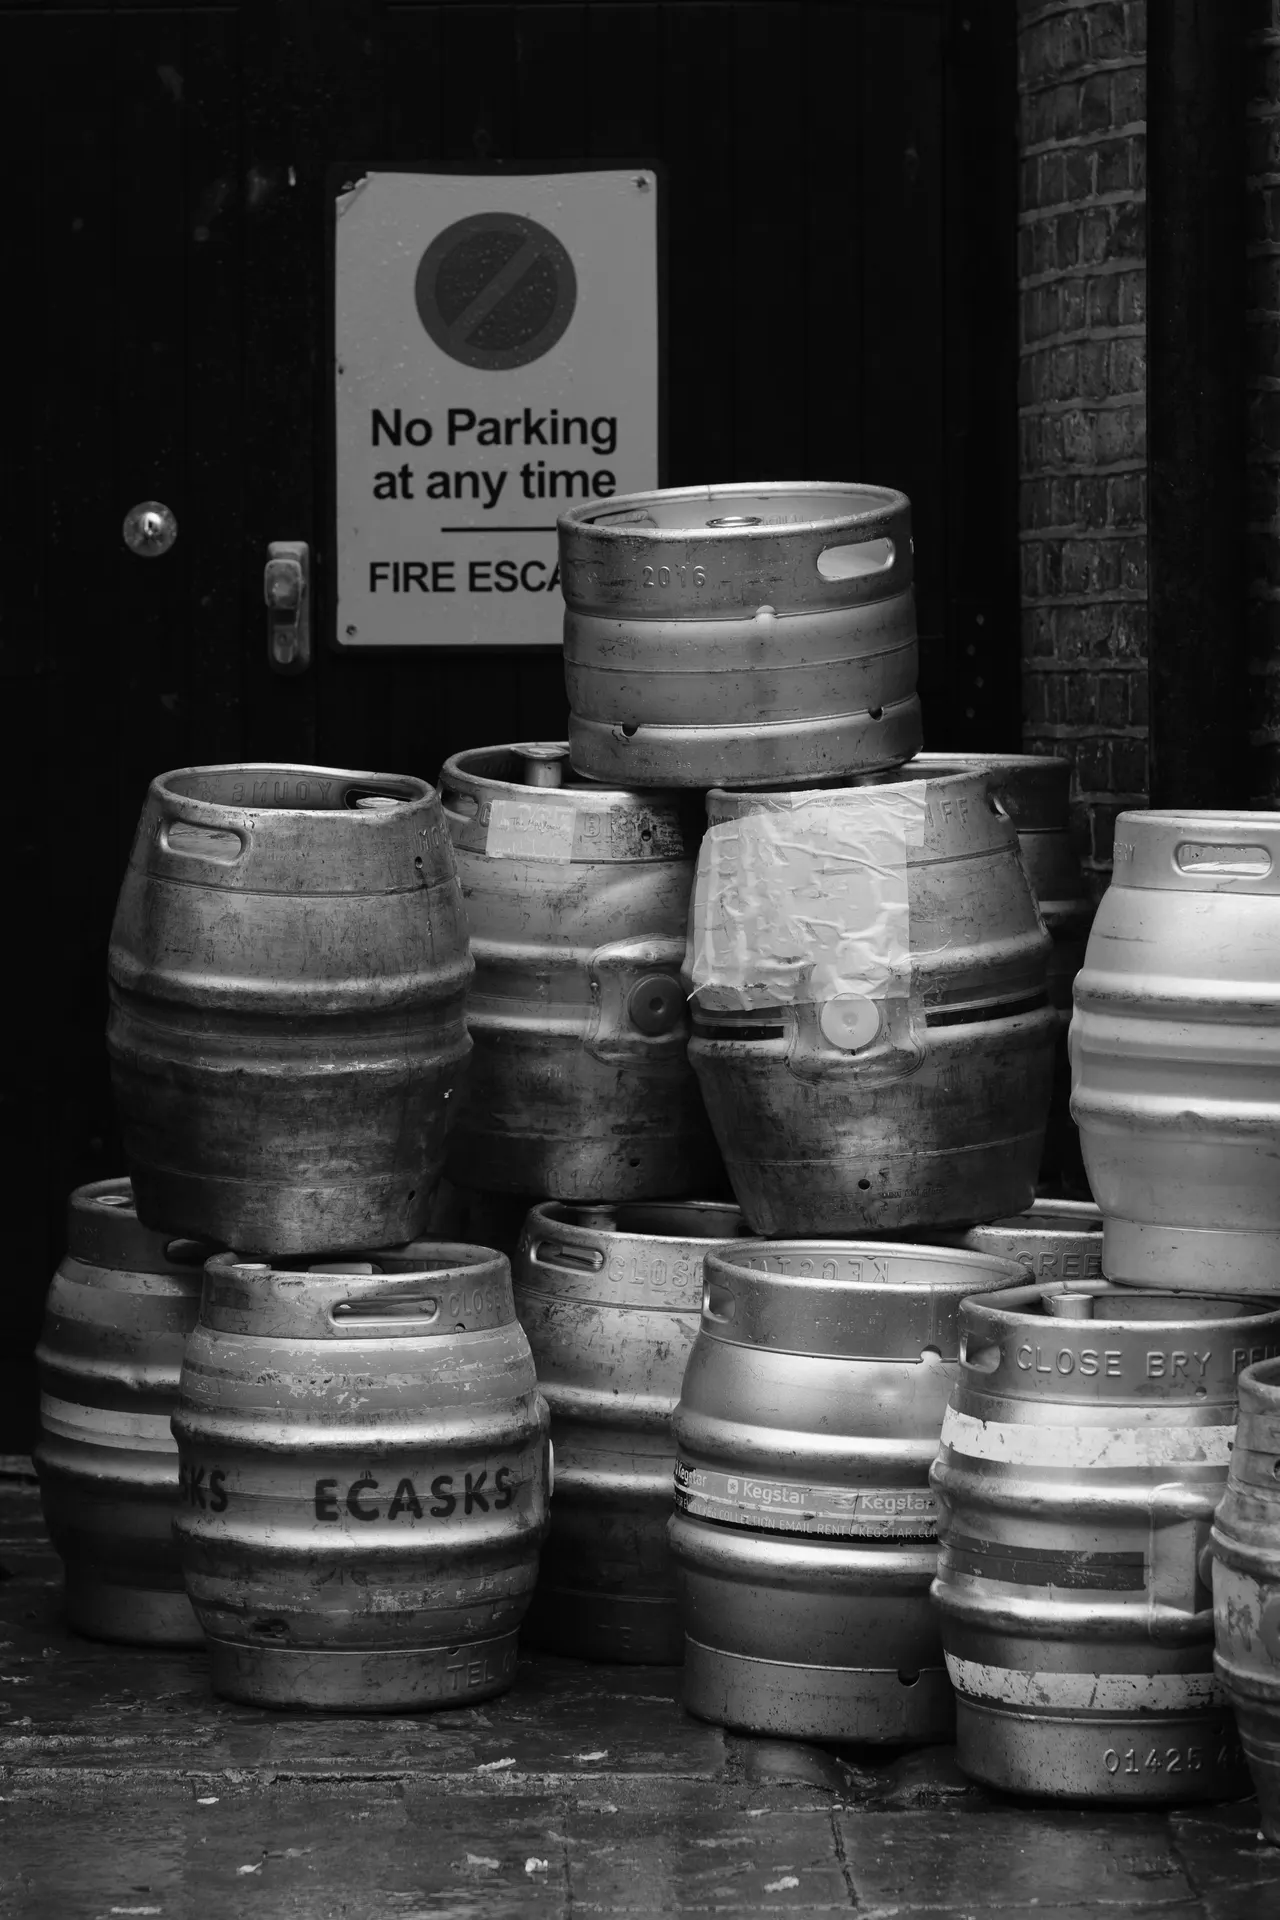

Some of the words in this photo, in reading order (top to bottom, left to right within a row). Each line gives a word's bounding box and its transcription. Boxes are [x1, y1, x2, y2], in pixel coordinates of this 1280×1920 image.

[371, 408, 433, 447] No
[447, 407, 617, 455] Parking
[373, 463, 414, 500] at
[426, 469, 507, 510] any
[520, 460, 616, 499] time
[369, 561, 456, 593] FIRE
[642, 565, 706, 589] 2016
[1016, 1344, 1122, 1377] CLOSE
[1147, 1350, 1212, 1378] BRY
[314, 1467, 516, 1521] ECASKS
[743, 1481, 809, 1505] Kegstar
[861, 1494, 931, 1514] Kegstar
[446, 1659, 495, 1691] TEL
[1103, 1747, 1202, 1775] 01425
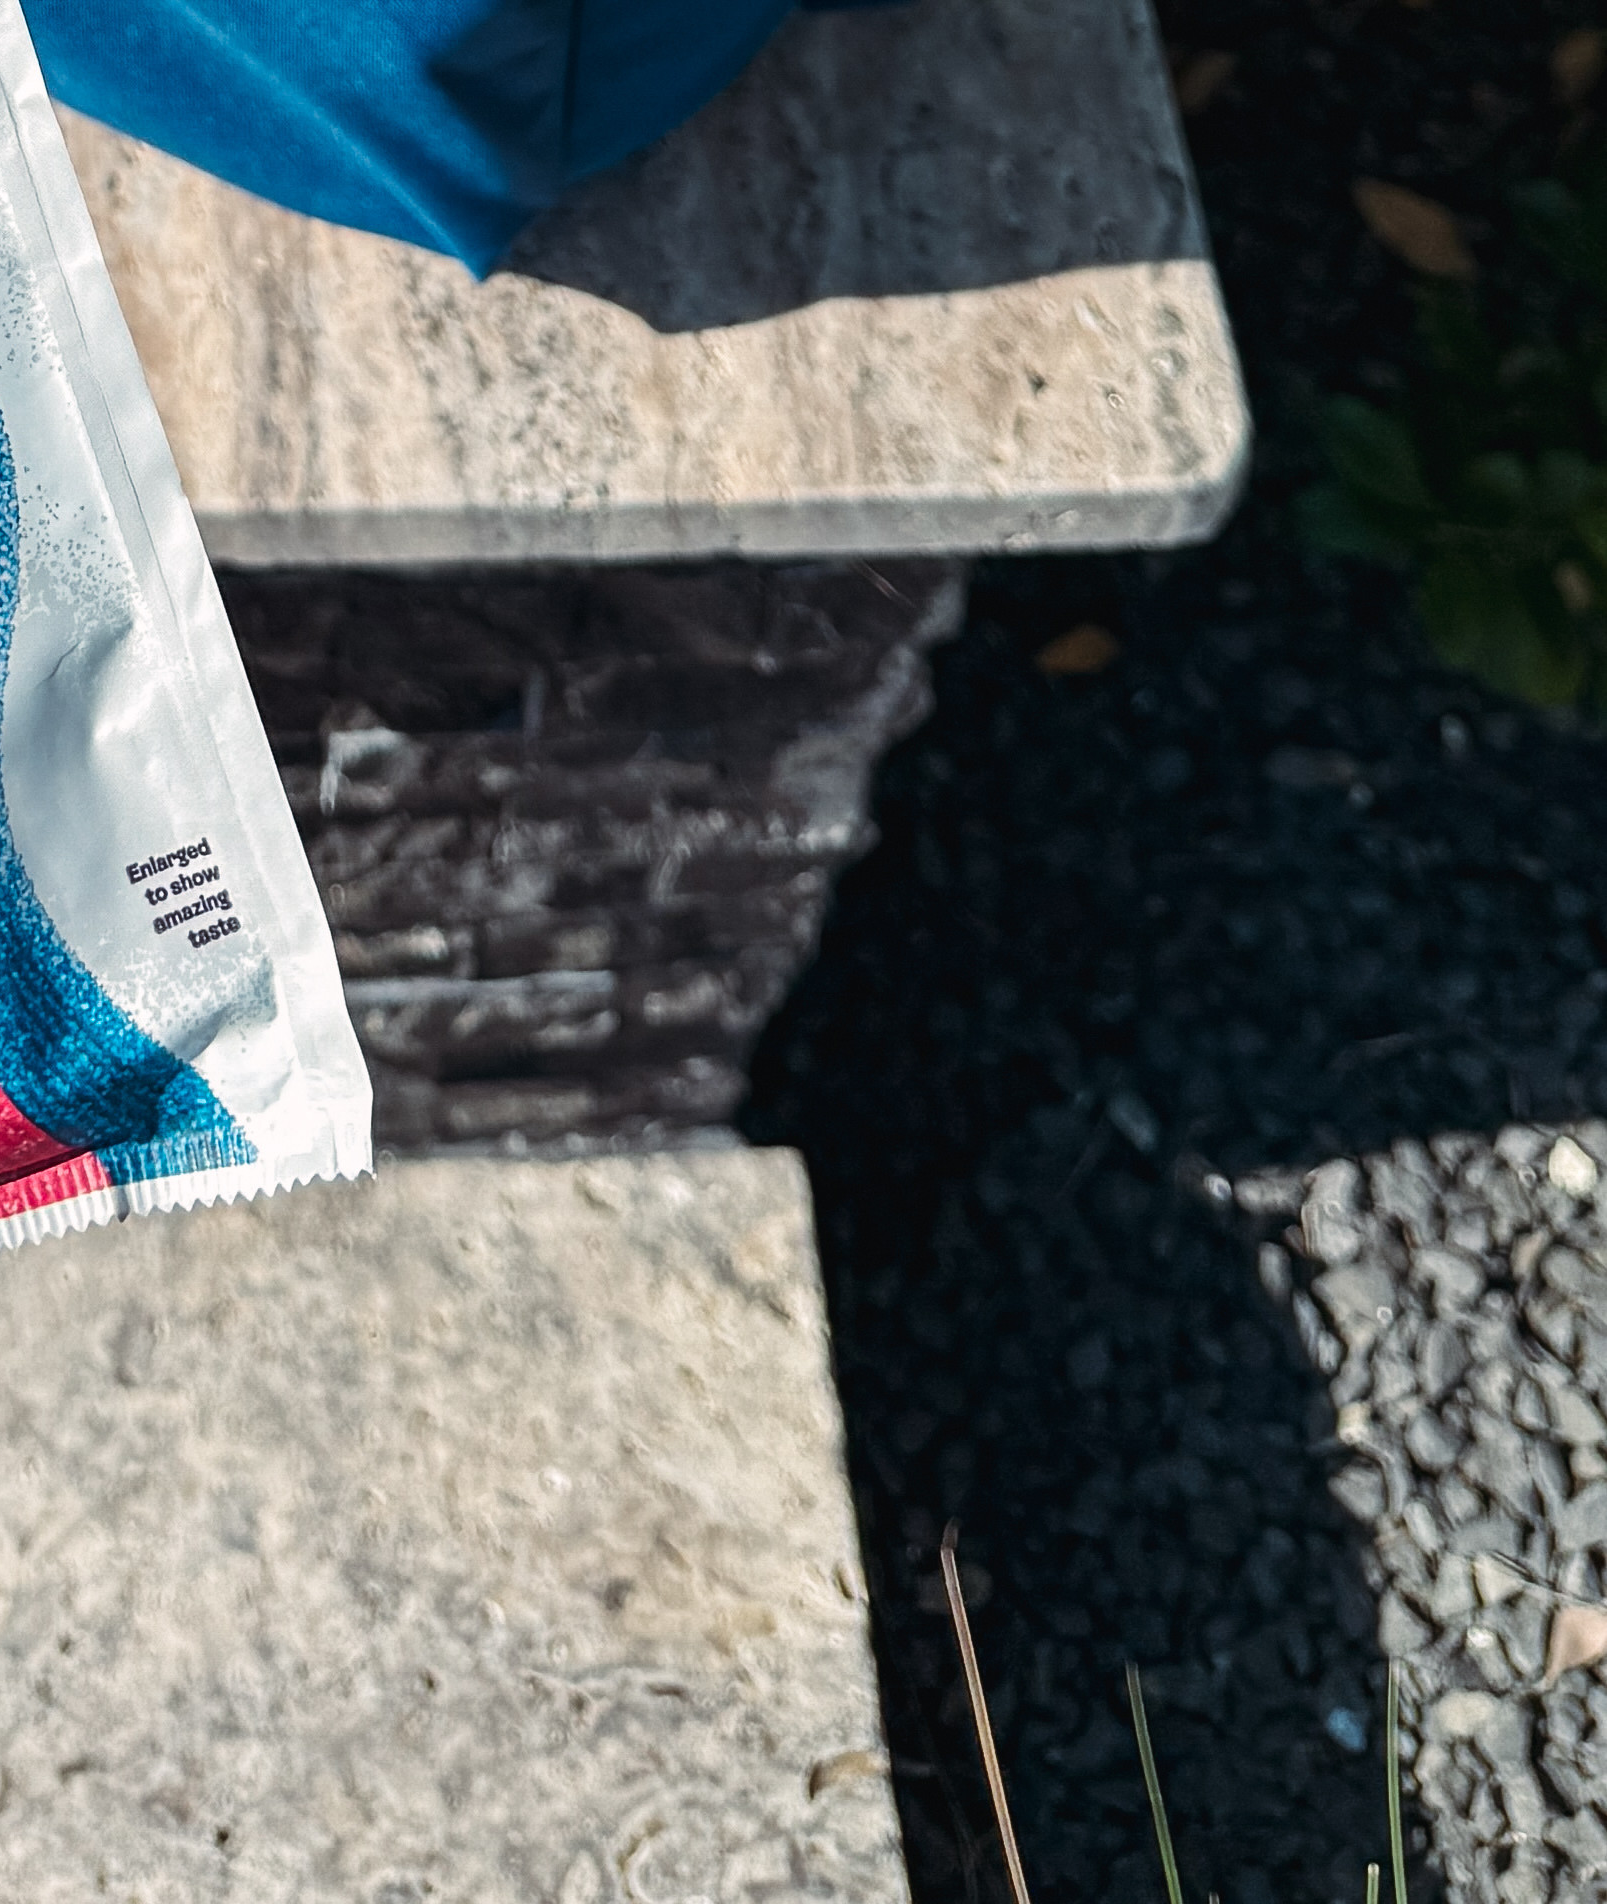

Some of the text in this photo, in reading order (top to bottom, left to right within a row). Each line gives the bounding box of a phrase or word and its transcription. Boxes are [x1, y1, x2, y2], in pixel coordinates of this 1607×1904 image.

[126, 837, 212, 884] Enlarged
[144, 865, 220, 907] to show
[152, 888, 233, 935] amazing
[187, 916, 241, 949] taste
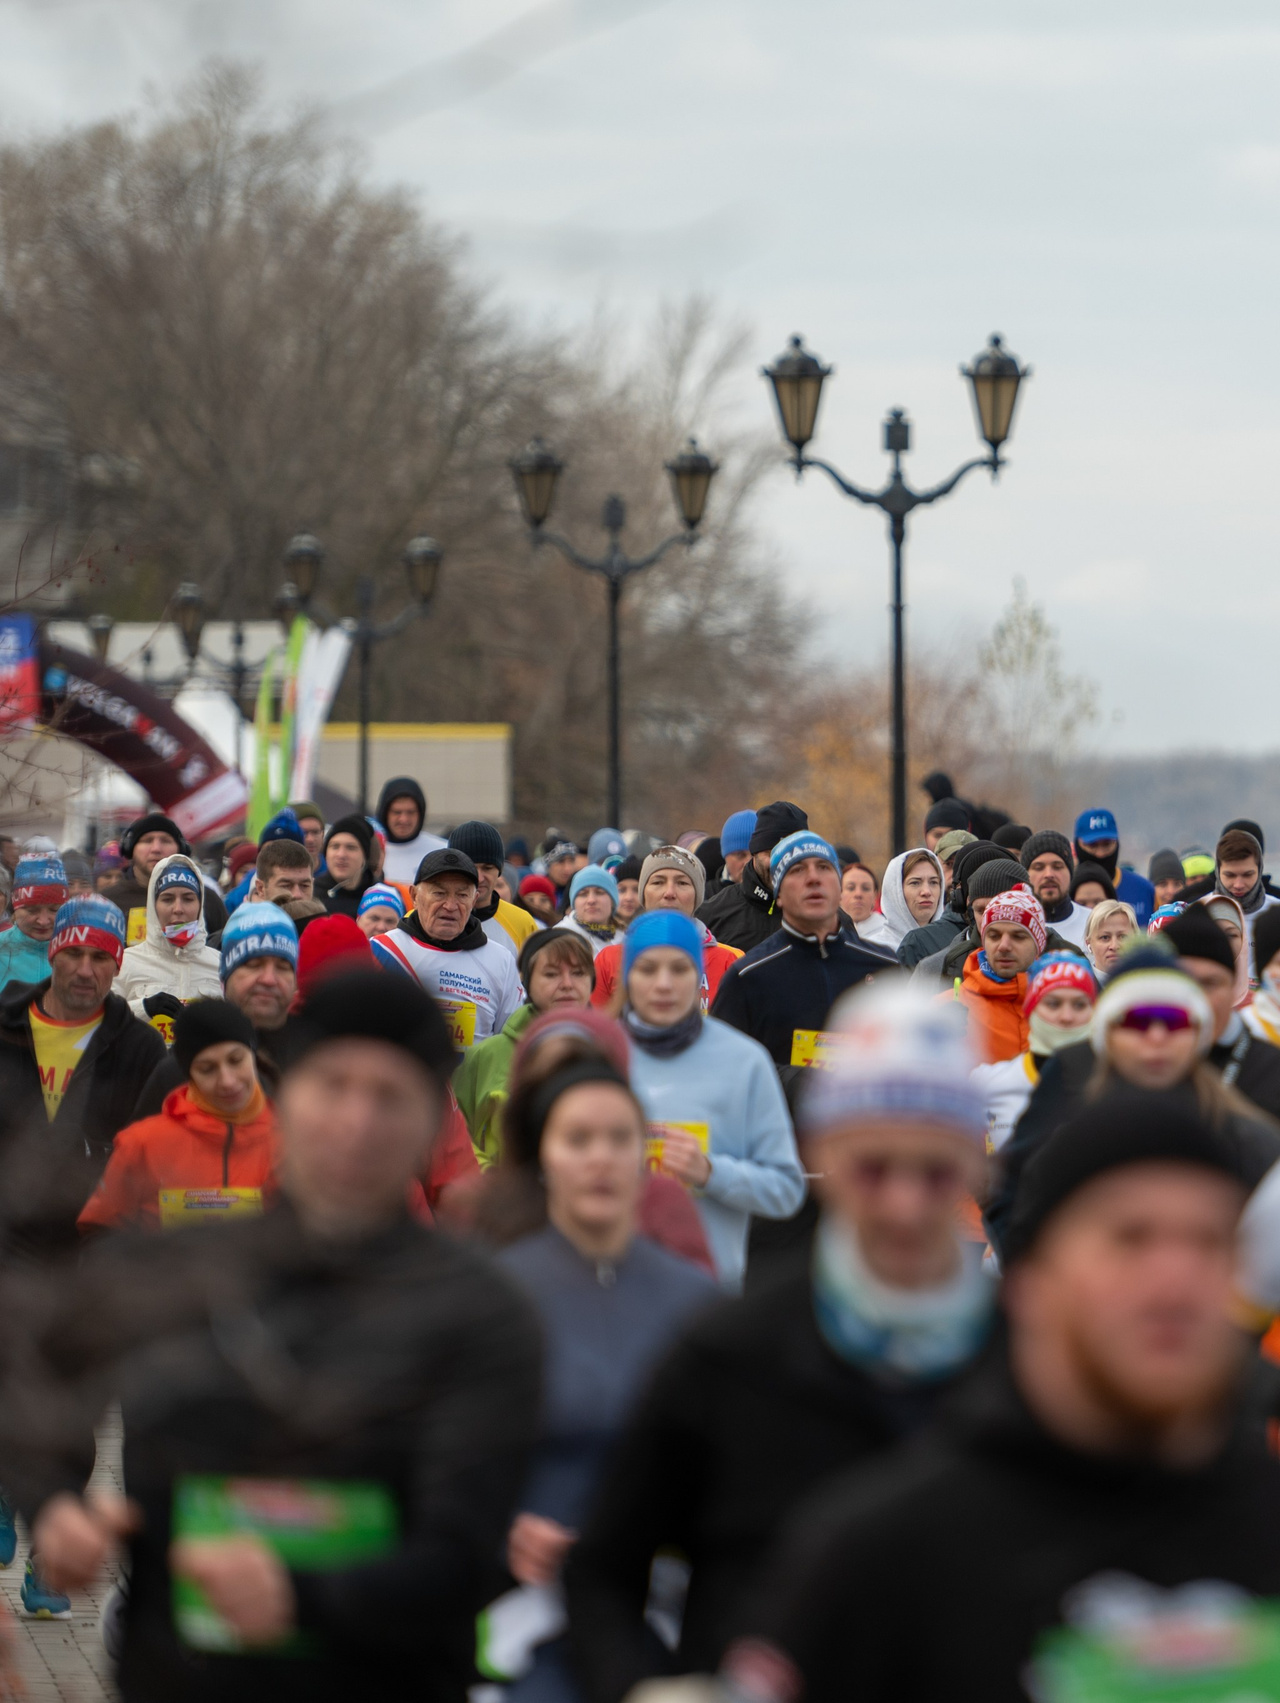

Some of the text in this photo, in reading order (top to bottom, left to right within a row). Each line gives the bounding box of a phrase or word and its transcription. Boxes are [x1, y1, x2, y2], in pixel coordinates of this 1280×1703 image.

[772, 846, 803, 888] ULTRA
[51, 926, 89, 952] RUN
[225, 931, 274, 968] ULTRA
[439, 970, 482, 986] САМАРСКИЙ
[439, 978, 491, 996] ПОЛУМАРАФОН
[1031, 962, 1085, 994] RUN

■ ■ ■ ■

**ACTIVITY**
Please retype every entry above exactly, leaving out any picture.

**SOLUTION TO THE PROBLEM**
Some of the words in this photo, in reading order (top to bottom, left to right within a row). Each line gives a word's bounding box and its transcription. Boxes are [x1, y1, x2, y2], in pixel coordinates of this 1280×1920 image.

[371, 408, 433, 447] No
[447, 407, 617, 455] Parking
[373, 463, 414, 500] at
[426, 469, 507, 510] any
[520, 460, 616, 499] time
[369, 561, 456, 593] FIRE
[642, 565, 706, 589] 2016
[1016, 1344, 1122, 1377] CLOSE
[1147, 1350, 1212, 1378] BRY
[314, 1467, 516, 1521] ECASKS
[743, 1481, 809, 1505] Kegstar
[861, 1494, 931, 1514] Kegstar
[446, 1659, 495, 1691] TEL
[1103, 1747, 1202, 1775] 01425

Some of the text in this photo, in reading order (top to bottom, left to right within a row). Each line gives the bounding box of a phrase or word and its transcription. Boxes are [x1, y1, x2, y2], in pixel coordinates of this 1607×1904 image.

[126, 837, 212, 884] Enlarged
[144, 865, 220, 907] to show
[152, 888, 233, 935] amazing
[187, 916, 241, 949] taste

Some of the text in this photo, in reading order (top to bottom, left to right within a row). Each line gives the bounding box of a phrase or word and its transcription. Boxes are [x1, y1, x2, y2], in pixel coordinates of this 1280×1703 image.

[772, 846, 803, 888] ULTRA
[51, 926, 89, 952] RUN
[225, 931, 274, 968] ULTRA
[439, 970, 482, 986] САМАРСКИЙ
[439, 978, 491, 996] ПОЛУМАРАФОН
[1031, 962, 1085, 994] RUN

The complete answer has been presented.